Patients were enrolled onto the study by hematologists and oncologists at 34 cancer centers across Canada. Each center enrolled six to 30 patients.
Nonchemotherapy Cohort
The mean age of the nonchemotherapy patients was 65.1 years, and 46% were female. The majority of the cancers in the nonchemotherapy cohort were nonhematologic and metastatic (Table 2), and patients had a mean of 3.4 years since diagnosis. Two thirds of the nonchemotherapy cohort had previously received at least one regimen of chemotherapy, and 43% of them had received at least one previous radiation treatment. The mean times of chemotherapy and radiation treatment to epoetin alfa therapy were 9 ± 15 months (median, 4 months; range, 0 to 129 months) and 21.7 ± 51.4 months (median, 8 months; range, 0 to 361 months), respectively. Radiation therapy was given to 15% of the patients during the study for a mean of 11 days. Of the 183 patients enrolled, 8% received hormonal cancer therapy, 4% received biologic response modifiers, and 2% received aromatase inhibitors during the study.
Low iron stores were defined as serum ferritin less than 100 µg/L or transferrin saturation less than 20%. In the nonchemotherapy group, 43% of the patients had low iron stores at study entry, 34% of the patients received iron supplementation during the study, and, for those patients who continued until the final month of the study, 22% continued to have low iron stores. The dose of epoetin alfa was doubled to 300 IU/kg for 39% of the nonchemotherapy patients, and the mean time to this dose increase was 5 weeks. The mean duration of treatment with epoetin alfa for all nonchemotherapy patients was 10.7 weeks. In accordance with the protocol, approximately one fifth (21%) of patients had their dose of epoetin alfa withheld because their hemoglobin was more than 14 g/dL (at a mean of 9.3 weeks); 15% of these patients restarted epoetin alfa at a dose 25% below their prior dose. Hemoglobin levels. Hemoglobin levels were measured throughout the trial, and significant increases were observed for the nonchemotherapy patients over the course of the study (Fig 1). The mean baseline hemoglobin was 9 g/dL, and 1 week after initiation of epoetin alfa therapy, patients had a significant mean 0.3 g/dL increase from baseline (P < .001), reaching an increase of 1.1 g/dL by week 4. Hemoglobin levels continued to increase over the course of the study to reach a maximum after 3 to 4 months of epoetin alfa therapy. The nonchemotherapy patients had a mean 2.5 g/dL increase in hemoglobin levels (P < .001) from baseline to the end of the 16-week study. There were 84 patients who completed the trial and had this week-16 hemoglobin value.

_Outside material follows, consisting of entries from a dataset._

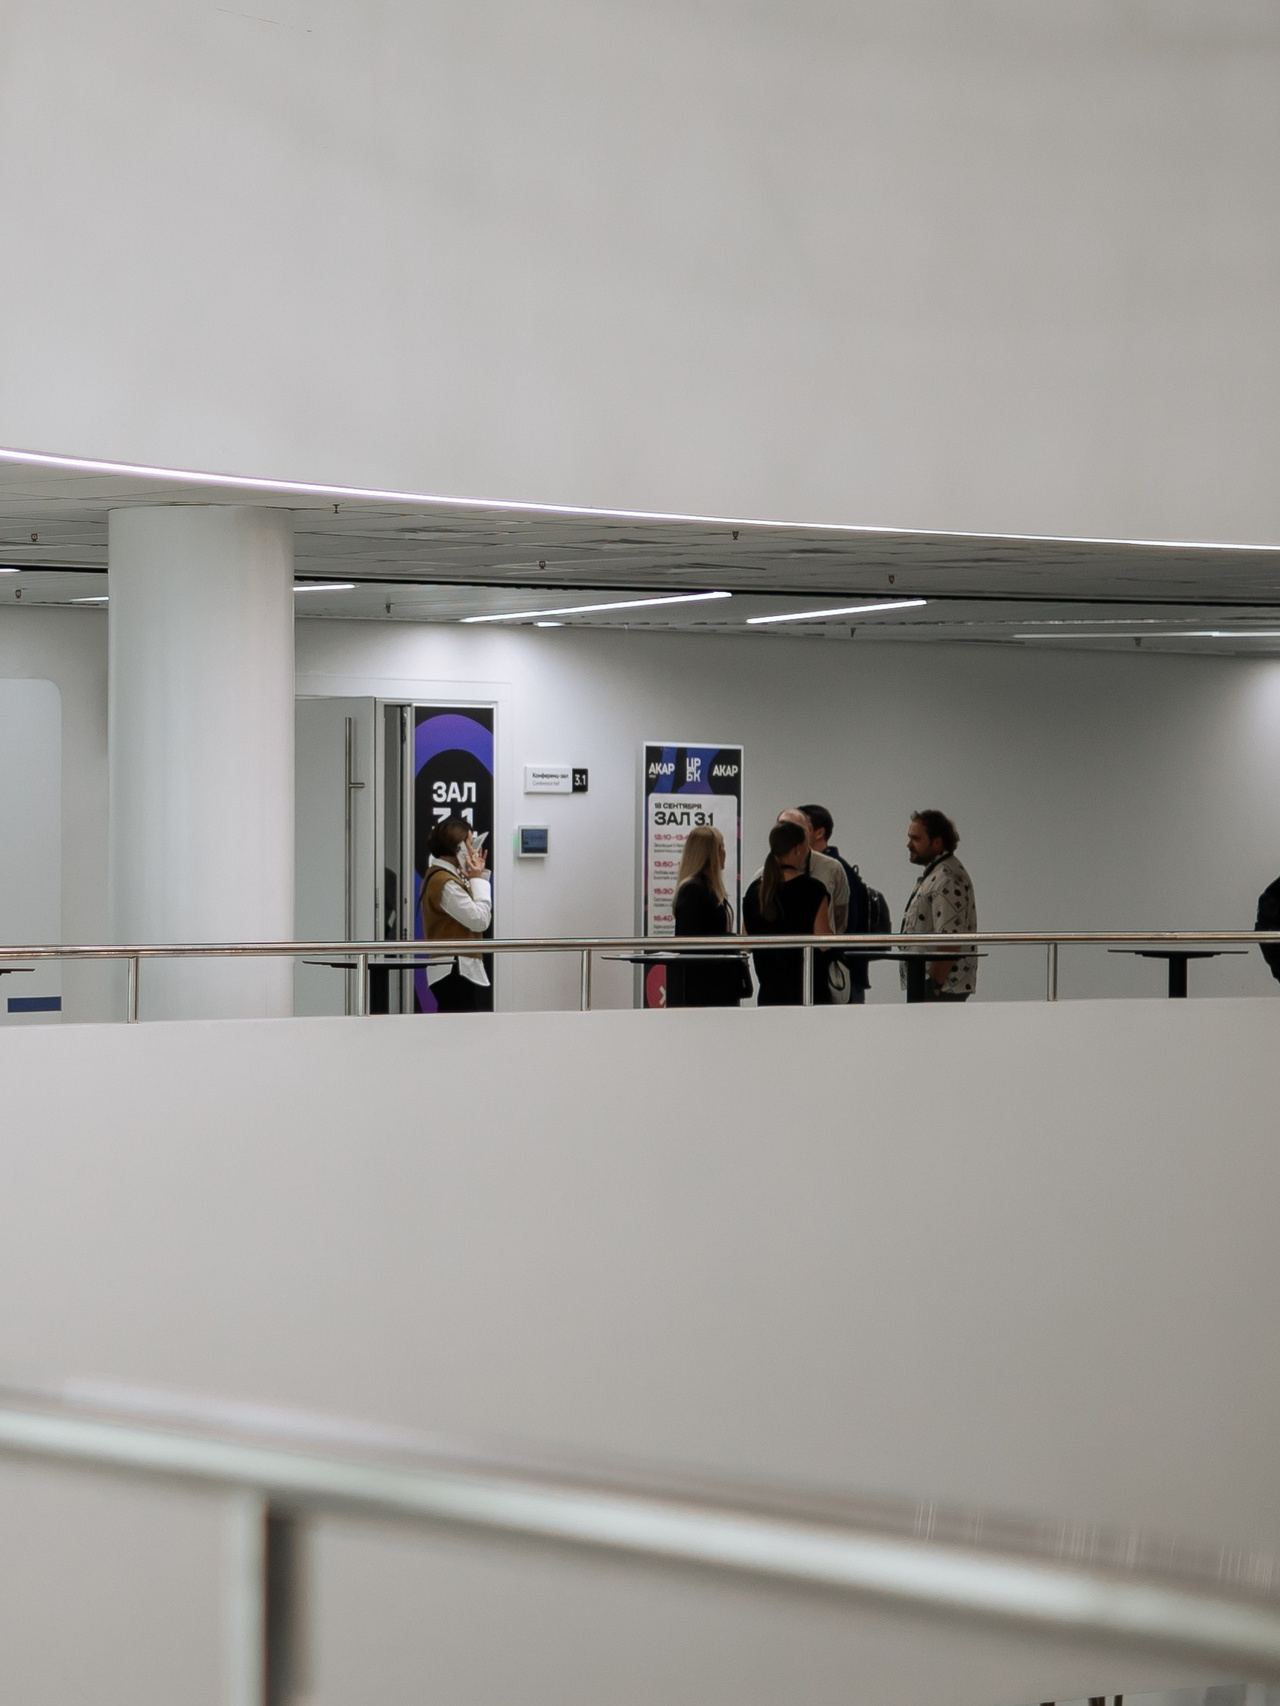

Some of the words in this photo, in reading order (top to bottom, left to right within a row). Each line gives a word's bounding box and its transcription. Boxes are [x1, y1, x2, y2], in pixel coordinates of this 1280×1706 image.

[648, 762, 676, 775] АКАР
[712, 764, 739, 777] АКАР
[574, 773, 587, 786] 3.1
[432, 781, 477, 803] ЗАЛ
[654, 811, 690, 826] ЗАЛ
[694, 812, 714, 827] 3.1
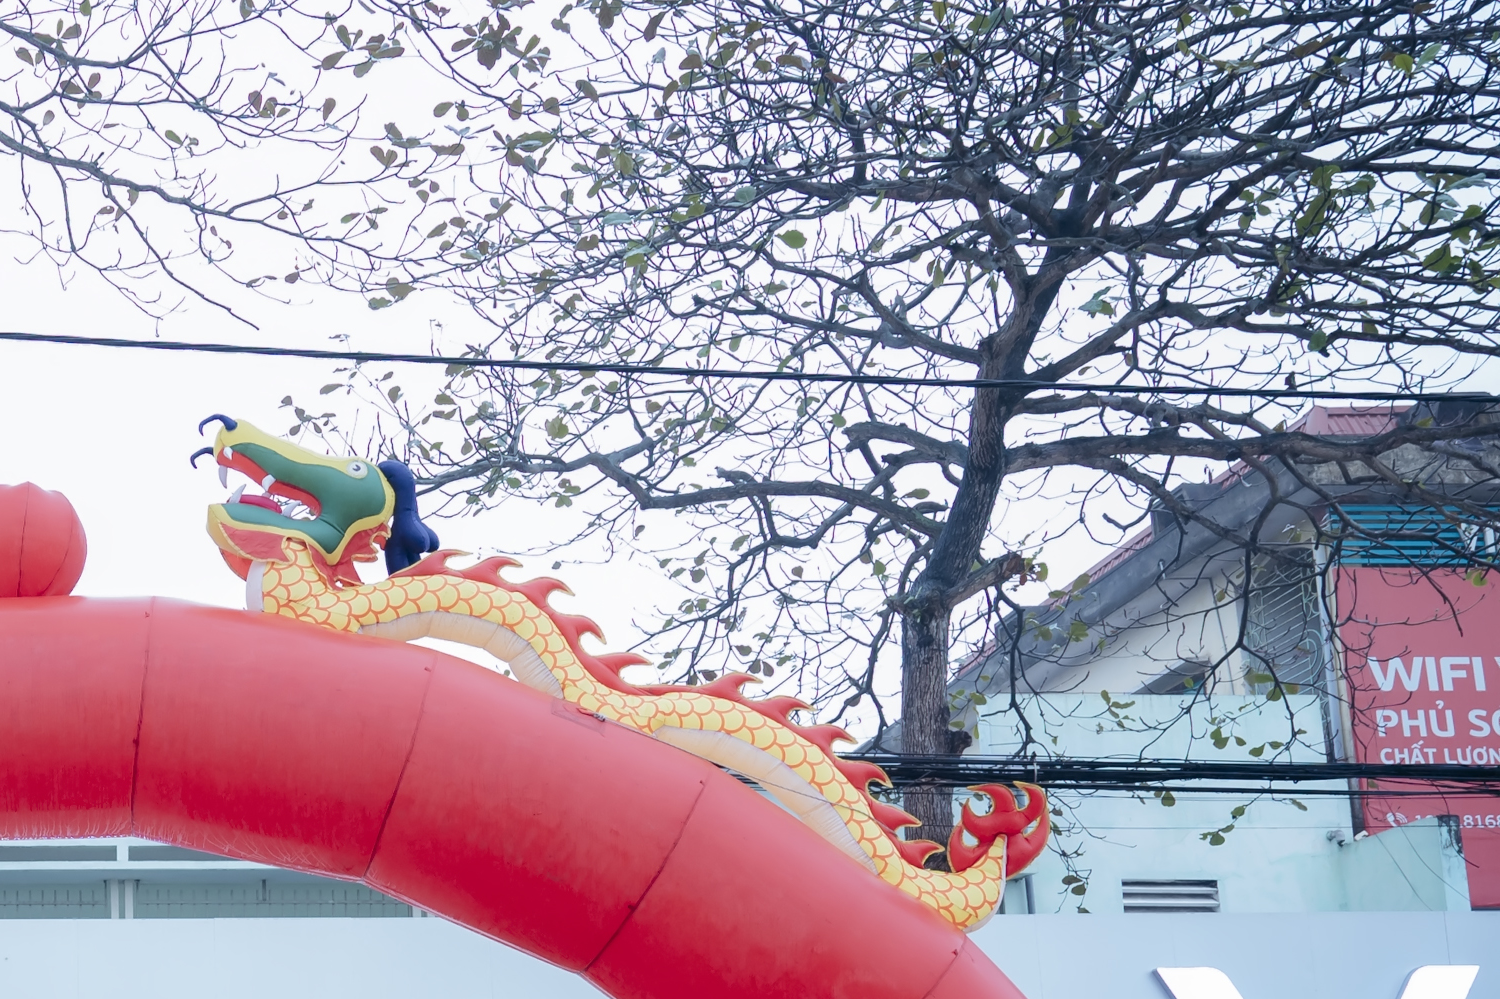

Responders to epoetin alfa therapy were defined as patients who experienced an increase in hemoglobin of 2 g/dL during the study without the benefit of a transfusion within the previous 4 weeks. In the nonchemotherapy cohort, 48% of the 182 cancer patients fulfilled the criteria as hemoglobin responders. For the 169 patients who completed at least 4 weeks of epoetin alfa therapy, 52% were responders.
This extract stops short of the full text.